The sanctuary of the old covenant, such as approach into the presence of God, was not without blood shedding in the tabernacle system. The cleansing of the earthly sanctuary in the tabernacle was necessary. The blood had to be shed and applied for the cleansing of that earthly sanctuary. In the tabernacle there was provided the blood of bulls and of goats, and this was sufficient to allow God to sanction the sanctuary and give access to the priest to officiate therein. This tabernacle and its furniture were, as the first half of the verse says, "patterns of things in the heavens". The point is that not only must the holy places made with hands be purified, but that the realities, i.e. the blessings of the new covenant of which the tabernacle was a type, can only be possessed by the shedding of Christs blood.

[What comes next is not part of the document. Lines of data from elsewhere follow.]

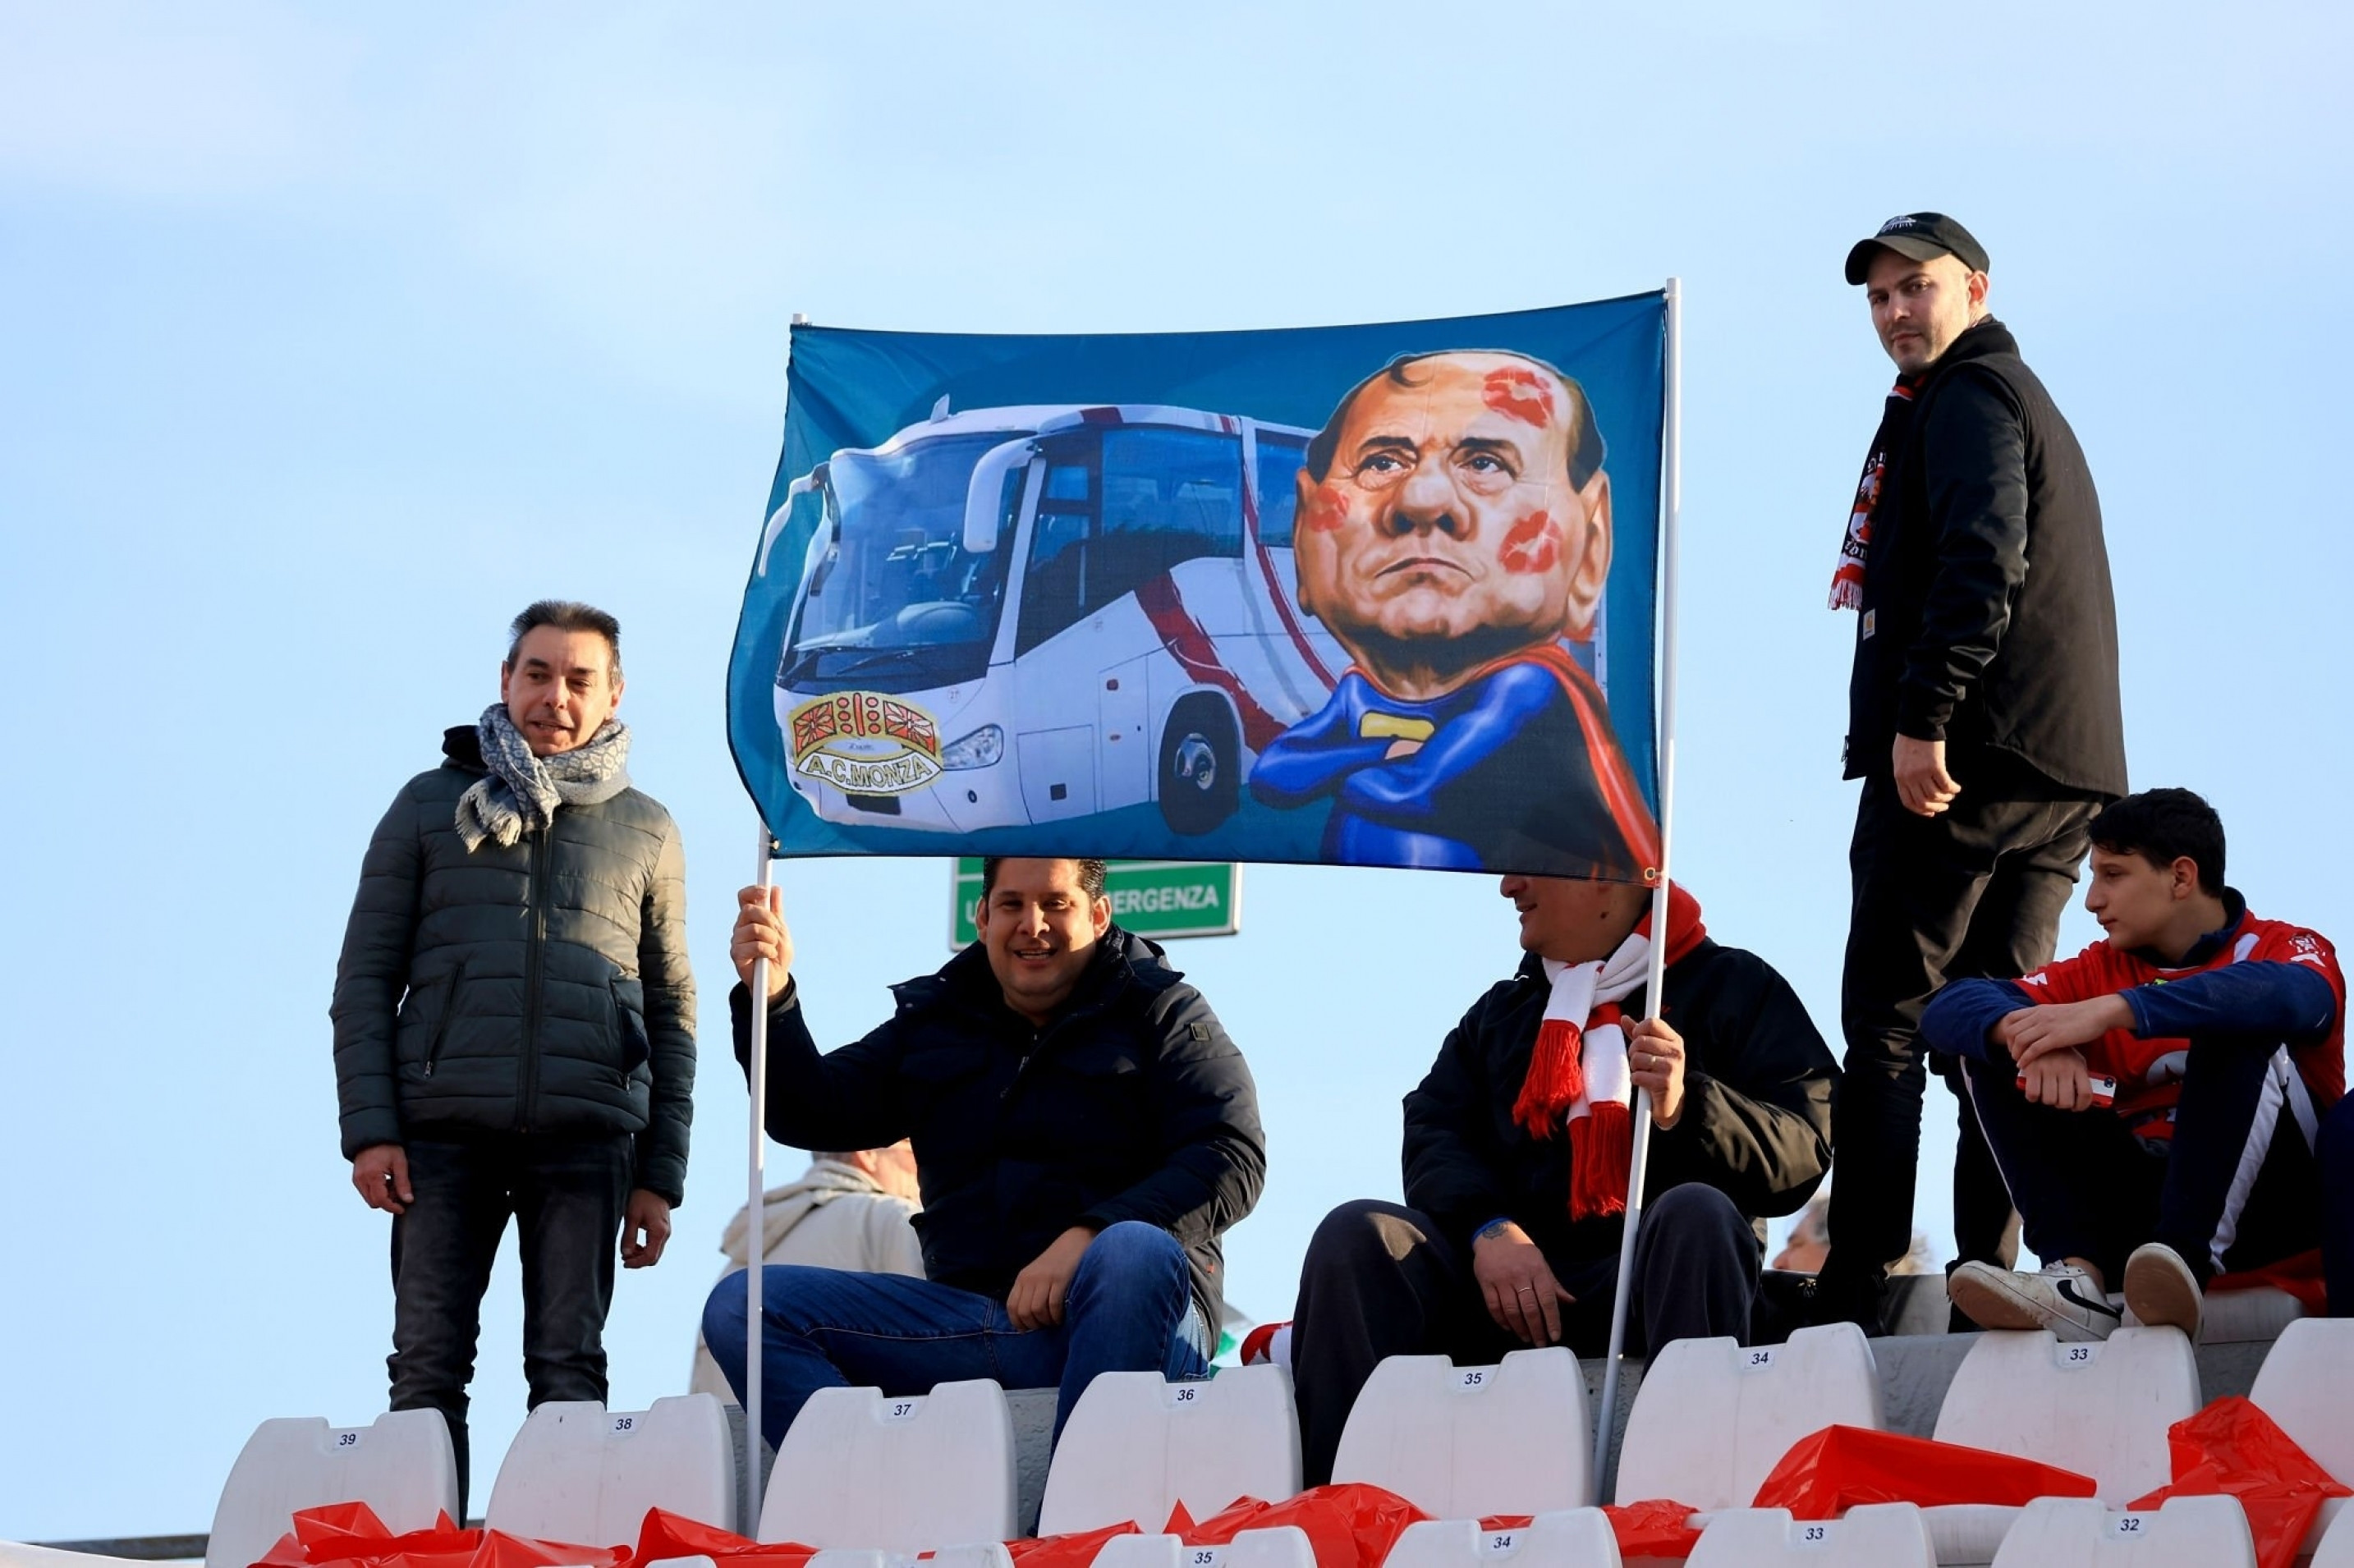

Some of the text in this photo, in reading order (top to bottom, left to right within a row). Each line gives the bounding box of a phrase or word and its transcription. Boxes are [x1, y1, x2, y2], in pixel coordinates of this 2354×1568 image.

[1108, 884, 1219, 915] ERGENZA
[1751, 1352, 1769, 1364] 34
[2070, 1349, 2088, 1361] 33
[1465, 1373, 1482, 1385] 35
[1177, 1389, 1195, 1401] 36
[894, 1404, 912, 1416] 37
[615, 1418, 633, 1431] 38
[339, 1433, 356, 1446] 39
[2120, 1518, 2140, 1532] 32
[1806, 1527, 1824, 1540] 33
[1494, 1536, 1511, 1549] 34
[1195, 1552, 1213, 1564] 35
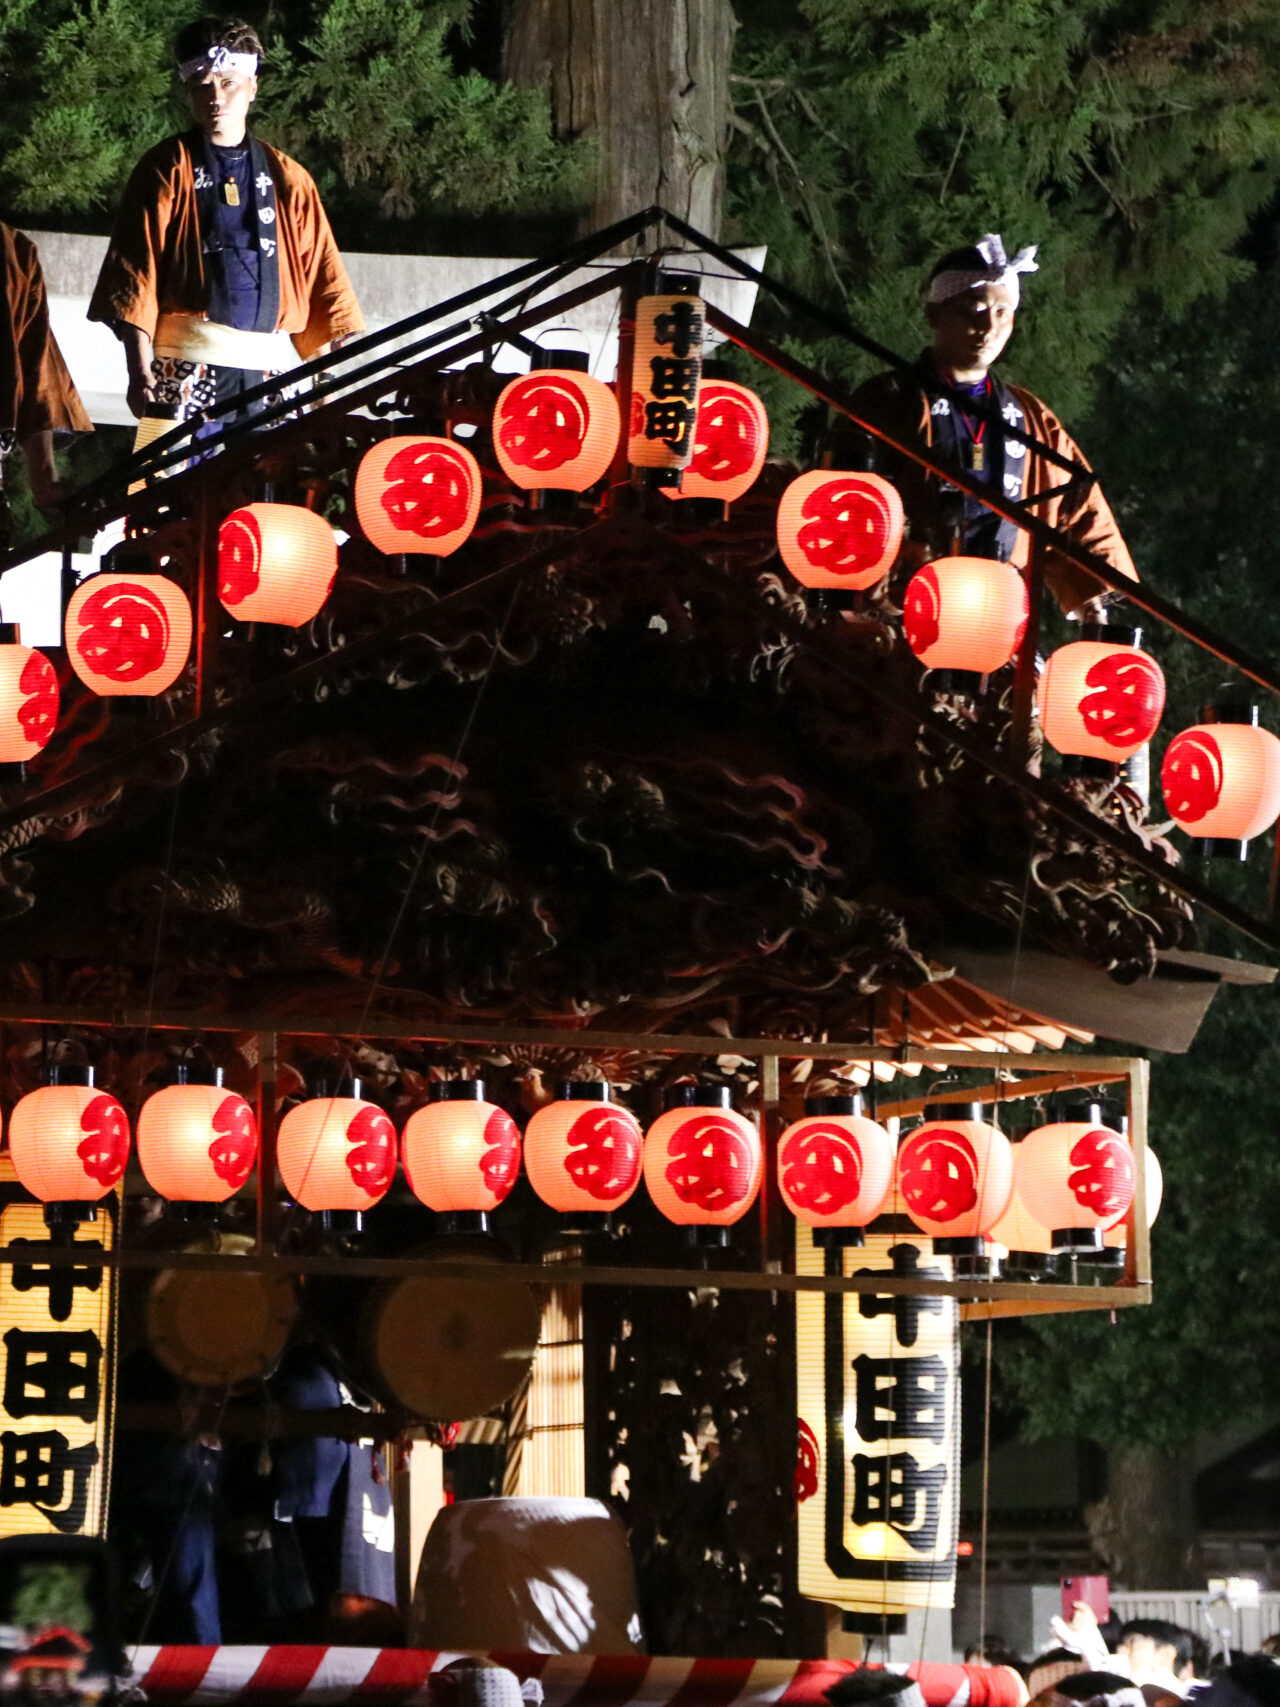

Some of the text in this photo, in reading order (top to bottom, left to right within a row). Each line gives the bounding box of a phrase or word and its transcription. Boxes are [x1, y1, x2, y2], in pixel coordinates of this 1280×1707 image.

[254, 171, 281, 259] 中田町
[645, 301, 703, 457] 中田町
[1001, 402, 1027, 497] 中田町
[851, 1243, 947, 1553] 中田町

It is interesting that the plural "sacrifices" is used in the text because Christs death embraced and fulfilled all the sacrifices of the old economy. The better sacrifice which brings to the believer an eternal redemption has prepared the way for God to accept and receive pardoned worshippers. His sanctuary where He dwells must be pervaded with the savour of Christs redemption. This need the death of Christ has met. W E Vine puts it succinctly: "Just as the high priests of old entered into the Holy of holies with the blood of sacrifice, on behalf of the people as worshippers of God, so only by the cleansing blood of Christ on the cross could the very presence of God become the meeting place between God and the believer".
John J Stubbs
Are the three parables that follow the teaching of the Lord Jesus regarding His coming in glory applicable today, or are they only for tribulation believers?
It is assumed that the questioner has in mind the so-called "Olivet Discourse" in Matthew chapters 24-25. There we are told of Christs coming in public manifestation: "they shall see the Son of man coming in the clouds of heaven with power and great glory" (24.30), and then of the ingathering of Israel: "his angels...shall gather his elect from the four winds, from one end of heaven to the other" (24.31).
There follows a digression or a parenthesis from 24.32 to 25.30 where the Lord Jesus gives six parables or illustrations - 1) The Fig Tree (24.32-35); 2) The Days of Noah (24.36-41); 3) The Thief (24.42-44); 4) The Servants (24.45-51); 5) The Ten Virgins (25.1-13); and 6) The Talents (25.14-30). 1) is clearly a parable - "learn a parable of the fig tree" (24.32); 2), 3) and 4) are illustrations. As for 5), "Then shall the kingdom of heaven be likened unto ten virgins" (25.1), and 6), "For the kingdom of heaven is as a man travelling into a far country" (25.14) these are parables.
Israel as the fig tree is Israel under judgment, set aside judicially in this present age. However, the Lord Jesus points out that the fig tree will blossom again. Verses 32 and 33 of chapter 24 are concerned with the imminence of His coming; this is evident from the resurgence of life in the fig tree; whilst verses 34 and 35 tell of the certainty of His coming - "my words shall not pass away" (v.35).
Everything in the parable of the ten virgins leads up to the final injunction, "Watch" (25.13); this is the great lesson. It is essentially a warning and exhortation for those who wait for the Son of man, a title associated with Israel and with judgment. Believers today wait for the Son of God. The parable of the talents embodies important principles of labour and reward. Like other "kingdom" parables it refers to Israels accountability. It stresses that lesser ability does not lessen personal responsibility.
While these parables do have primarily in view "tribulation" saints of a future day, there are clearly lessons within them which are valuable for believers in this present age.